Susan Hazeldean
J.D., Yale Law School
B.A., University of North Carolina
Family Law
Immigration Law
Sexuality and the Law
Biography
Professor Susan Hazeldean is the founder and director of the Brooklyn Law School LGBT Advocacy Clinic. Students in the clinic will represent LGBT individuals in immigration and prisoners’ rights cases as well as undertake advocacy projects to advance LGBT equality.
Professor Hazeldean’s teaching, scholarship, and law practice focus on gender, sexual orientation, immigration, and civil rights. Her article, “Confounding Identities: The Paradox of LGBT Youth Under Asylum Law,” was published in the U.C. Davis Law Review. Her writing has also appeared in Benders Immigration Review and the ABA Human Rights Magazine.

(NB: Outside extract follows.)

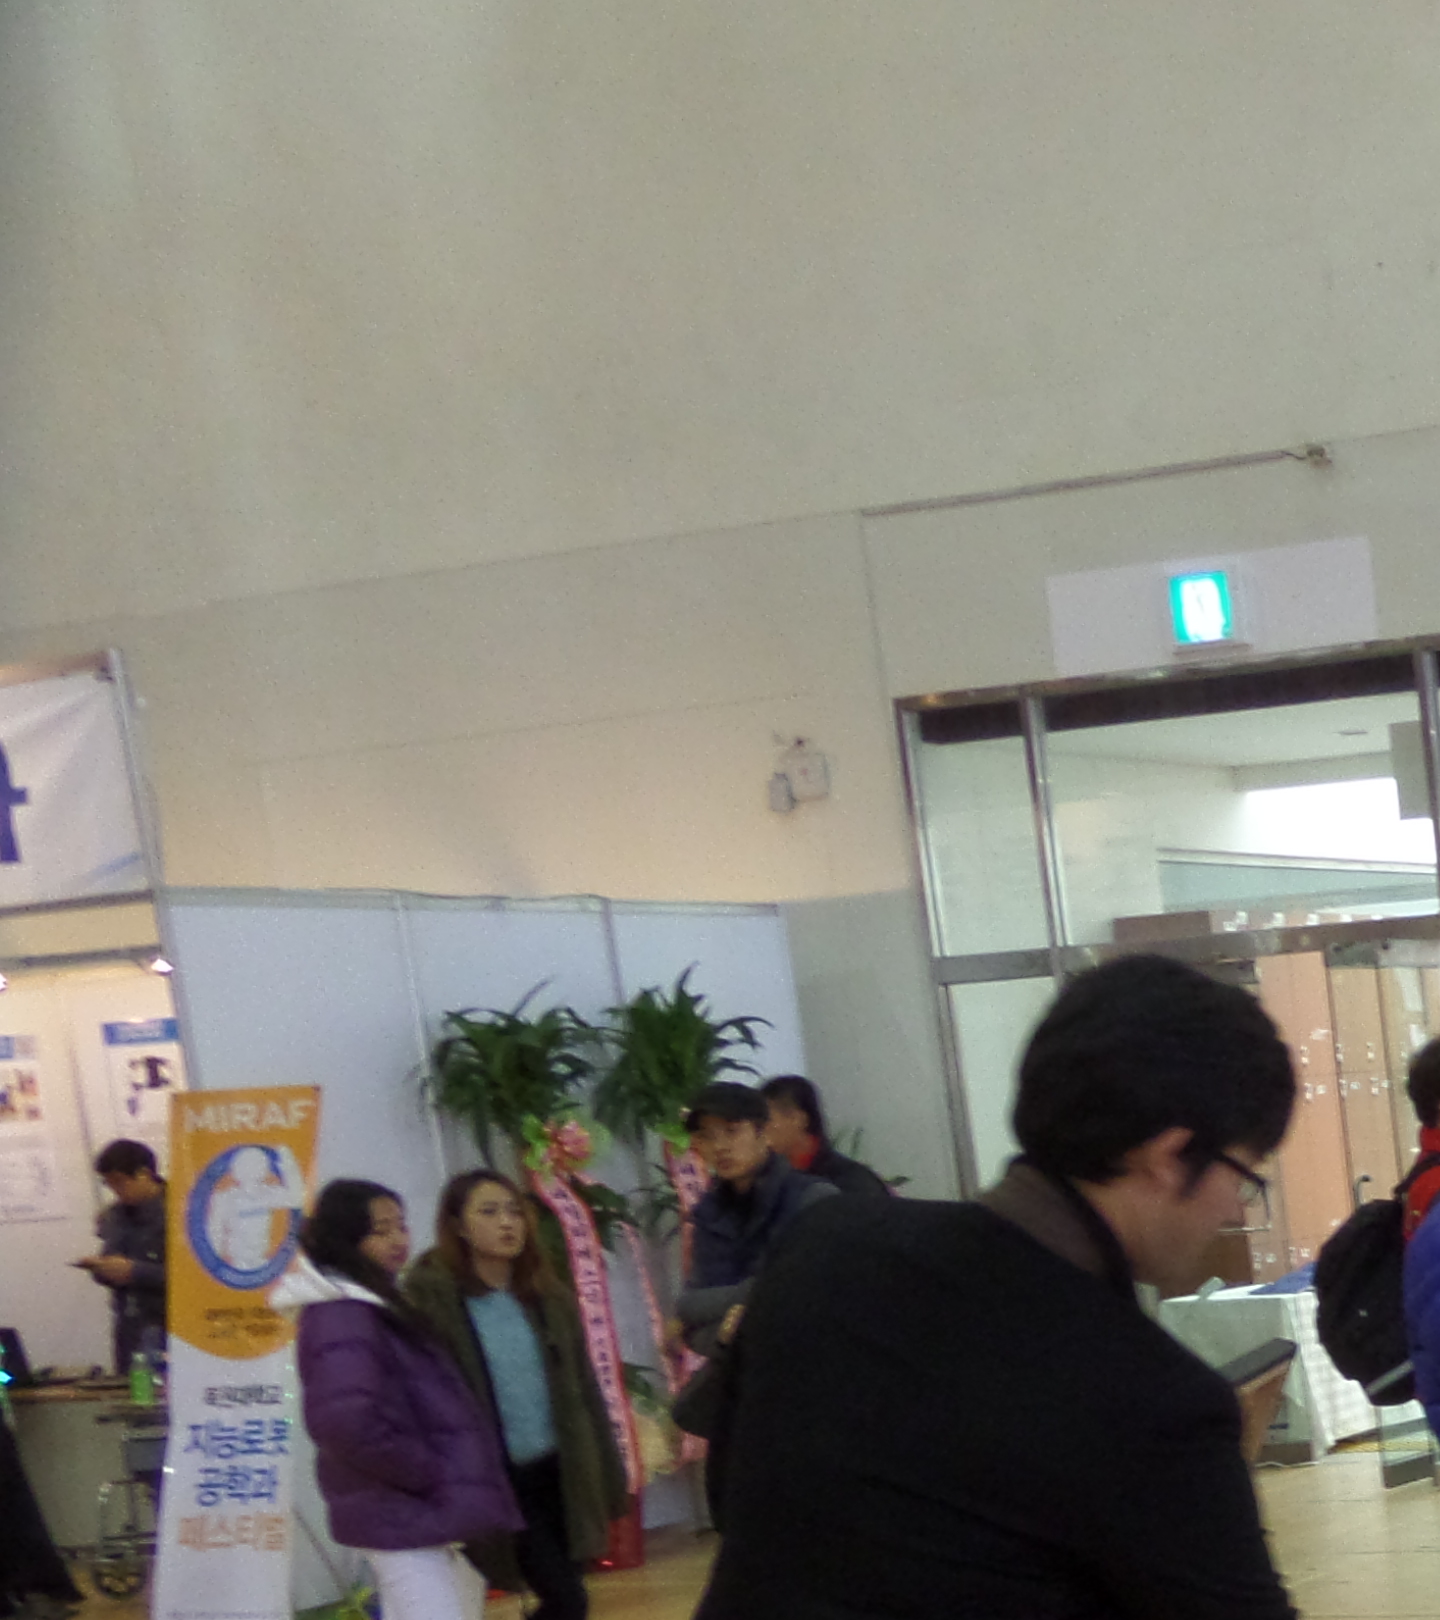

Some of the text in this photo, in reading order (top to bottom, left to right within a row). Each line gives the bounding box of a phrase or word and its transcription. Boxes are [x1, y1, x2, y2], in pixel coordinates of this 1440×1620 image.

Before joining the faculty, Professor Hazeldean taught at Cornell Law School, where she directed the LGBT clinic. Previously, she taught at Yale Law School, where she served as a Robert M. Cover Fellow in the Worker and Immigrant Rights Advocacy Clinic. At Yale, she supervised students who represented immigrants and low-wage workers in civil rights actions and engaged in policy work and community-based advocacy. Prior to her academic career, Professor Hazeldean directed the Peter Cicchino Youth Project at the Urban Justice Center in New York City, providing free legal representation to homeless and at-risk LGBT youth in matters related to immigration, foster care, public benefits, and family law.